* [Try it]:
Below are some entries. Output each one exactly as it appears.
──────── Extracted data ────────
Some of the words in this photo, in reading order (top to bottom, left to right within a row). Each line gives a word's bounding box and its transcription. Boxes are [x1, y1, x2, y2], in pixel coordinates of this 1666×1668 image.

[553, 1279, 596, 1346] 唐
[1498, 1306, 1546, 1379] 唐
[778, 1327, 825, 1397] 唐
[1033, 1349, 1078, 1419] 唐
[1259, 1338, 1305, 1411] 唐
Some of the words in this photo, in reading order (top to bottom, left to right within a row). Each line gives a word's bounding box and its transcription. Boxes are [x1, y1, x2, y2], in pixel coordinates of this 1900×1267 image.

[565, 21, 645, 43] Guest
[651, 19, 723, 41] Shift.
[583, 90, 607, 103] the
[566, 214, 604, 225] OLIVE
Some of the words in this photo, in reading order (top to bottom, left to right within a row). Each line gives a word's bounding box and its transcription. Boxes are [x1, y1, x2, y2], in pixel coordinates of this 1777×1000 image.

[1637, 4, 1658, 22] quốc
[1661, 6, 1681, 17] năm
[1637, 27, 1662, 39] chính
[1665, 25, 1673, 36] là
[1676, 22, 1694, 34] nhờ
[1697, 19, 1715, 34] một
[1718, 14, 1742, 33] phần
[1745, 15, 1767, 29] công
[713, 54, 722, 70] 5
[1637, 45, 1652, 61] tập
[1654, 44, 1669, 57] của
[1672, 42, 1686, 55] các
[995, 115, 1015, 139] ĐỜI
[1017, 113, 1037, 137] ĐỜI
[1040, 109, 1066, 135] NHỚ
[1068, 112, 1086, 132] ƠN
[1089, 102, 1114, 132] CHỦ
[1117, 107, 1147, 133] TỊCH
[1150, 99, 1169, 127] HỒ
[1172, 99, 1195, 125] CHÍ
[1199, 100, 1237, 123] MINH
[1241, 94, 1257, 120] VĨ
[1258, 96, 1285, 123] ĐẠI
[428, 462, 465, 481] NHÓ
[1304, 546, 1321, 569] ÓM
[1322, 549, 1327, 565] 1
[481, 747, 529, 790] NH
────────
* [Solution below]:
Some of the words in this photo, in reading order (top to bottom, left to right within a row). Each line gives a word's bounding box and its transcription. Boxes are [x1, y1, x2, y2], in pixel coordinates of this 1666×1668 image.

[553, 1279, 596, 1346] 唐
[1498, 1306, 1546, 1379] 唐
[778, 1327, 825, 1397] 唐
[1033, 1349, 1078, 1419] 唐
[1259, 1338, 1305, 1411] 唐
Some of the words in this photo, in reading order (top to bottom, left to right within a row). Each line gives a word's bounding box and its transcription. Boxes are [x1, y1, x2, y2], in pixel coordinates of this 1900×1267 image.

[565, 21, 645, 43] Guest
[651, 19, 723, 41] Shift.
[583, 90, 607, 103] the
[566, 214, 604, 225] OLIVE
Some of the words in this photo, in reading order (top to bottom, left to right within a row). Each line gives a word's bounding box and its transcription. Boxes are [x1, y1, x2, y2], in pixel coordinates of this 1777×1000 image.

[1637, 4, 1658, 22] quốc
[1661, 6, 1681, 17] năm
[1637, 27, 1662, 39] chính
[1665, 25, 1673, 36] là
[1676, 22, 1694, 34] nhờ
[1697, 19, 1715, 34] một
[1718, 14, 1742, 33] phần
[1745, 15, 1767, 29] công
[713, 54, 722, 70] 5
[1637, 45, 1652, 61] tập
[1654, 44, 1669, 57] của
[1672, 42, 1686, 55] các
[995, 115, 1015, 139] ĐỜI
[1017, 113, 1037, 137] ĐỜI
[1040, 109, 1066, 135] NHỚ
[1068, 112, 1086, 132] ƠN
[1089, 102, 1114, 132] CHỦ
[1117, 107, 1147, 133] TỊCH
[1150, 99, 1169, 127] HỒ
[1172, 99, 1195, 125] CHÍ
[1199, 100, 1237, 123] MINH
[1241, 94, 1257, 120] VĨ
[1258, 96, 1285, 123] ĐẠI
[428, 462, 465, 481] NHÓ
[1304, 546, 1321, 569] ÓM
[1322, 549, 1327, 565] 1
[481, 747, 529, 790] NH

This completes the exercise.